How the Air Force eval is built — and what carries over
The rating chain: who signs off
An EPB or OPB passes up a rating chain — your designated rater (normally your supervisor) writes it, and a higher-level reviewer signs off before you, the ratee, acknowledge it. Think of it as a manager review plus a skip-level sign-off. On a résumé, that structure is worth carrying over as scope: an accomplishment that cleared leadership review is one you can state with confidence.
The format: statements inside four Major Performance Areas
Accomplishments are written as performance statements slotted into the four Major Performance Areas — Executing the Mission, Leading People, Managing Resources, and Improving the Unit — each capped near 350 characters and built as action-impact-result. That's already résumé grammar. Each statement is raw material for a civilian bullet; the translation work is vocabulary, not restructuring.

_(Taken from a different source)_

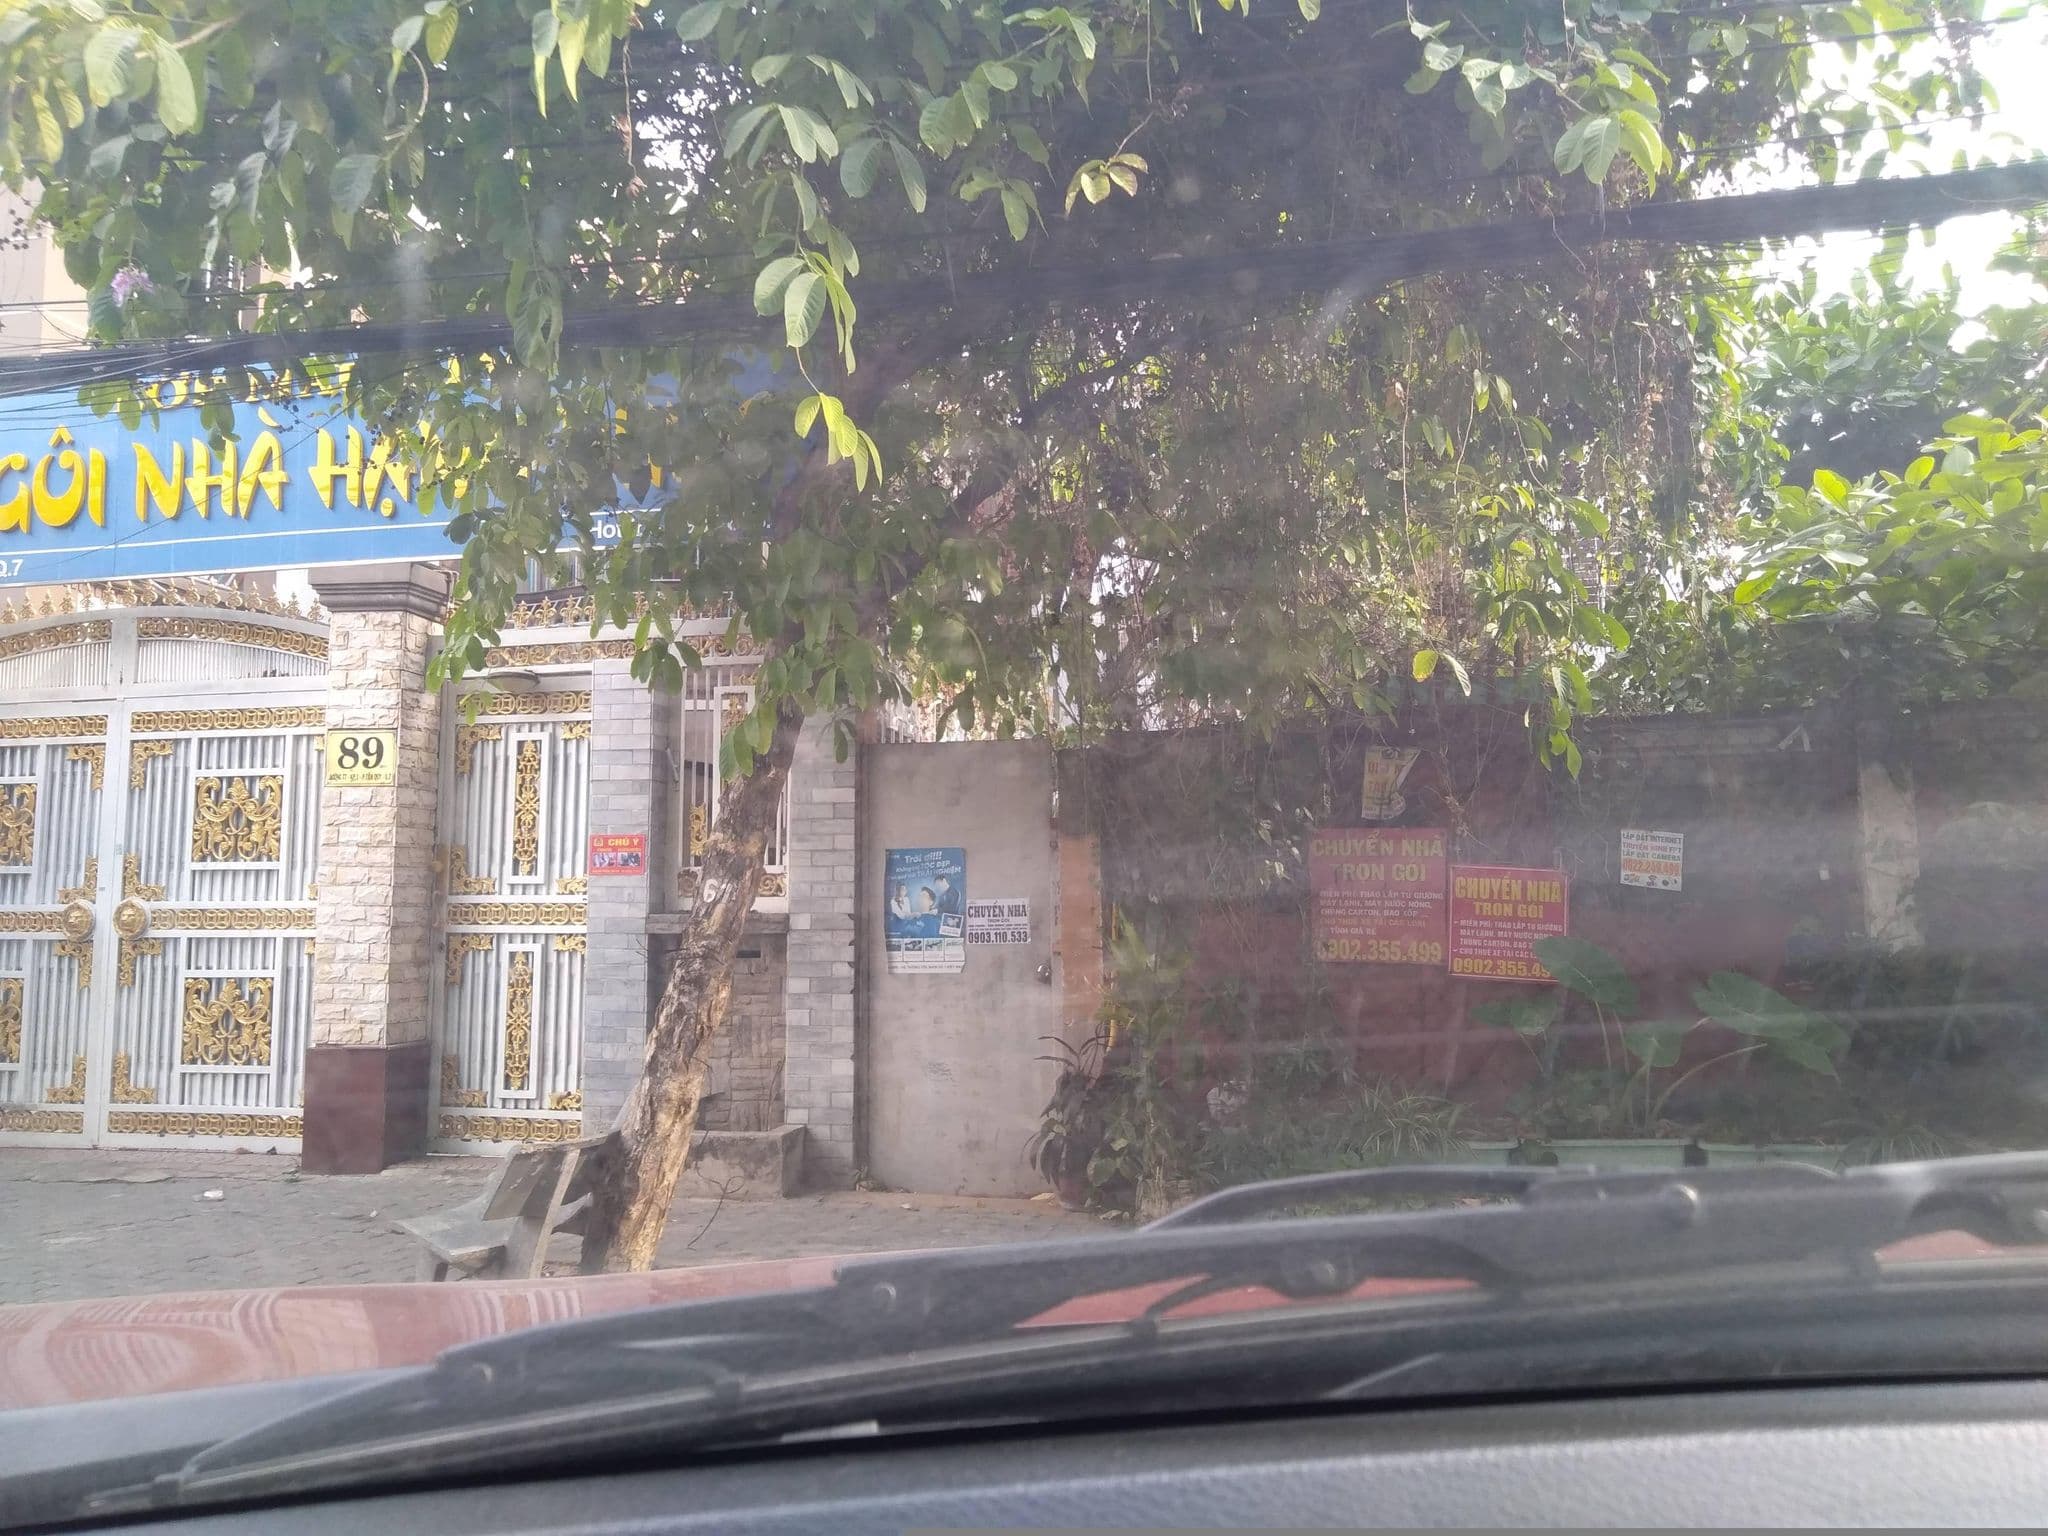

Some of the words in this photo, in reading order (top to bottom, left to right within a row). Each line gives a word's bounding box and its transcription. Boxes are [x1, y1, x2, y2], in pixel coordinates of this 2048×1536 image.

[132, 405, 289, 524] NHÀ
[337, 736, 384, 769] 89
[968, 931, 1028, 944] 0903.110.533

How impact is expressed: rankings and recommendations
The Air Force signals your standing with stratification (e.g. "#1 of 125 MSgts," with numerator stratifications restricted to roughly the top 10% of master sergeants and the top 20% of senior master sergeants) and promotion recommendations like Promote Now / Must Promote / Promote from forced-distribution panels. These are relative rankings. On a civilian résumé, convert them to plain percentile — "ranked top 1% of 125 peers" — and keep the real number behind it.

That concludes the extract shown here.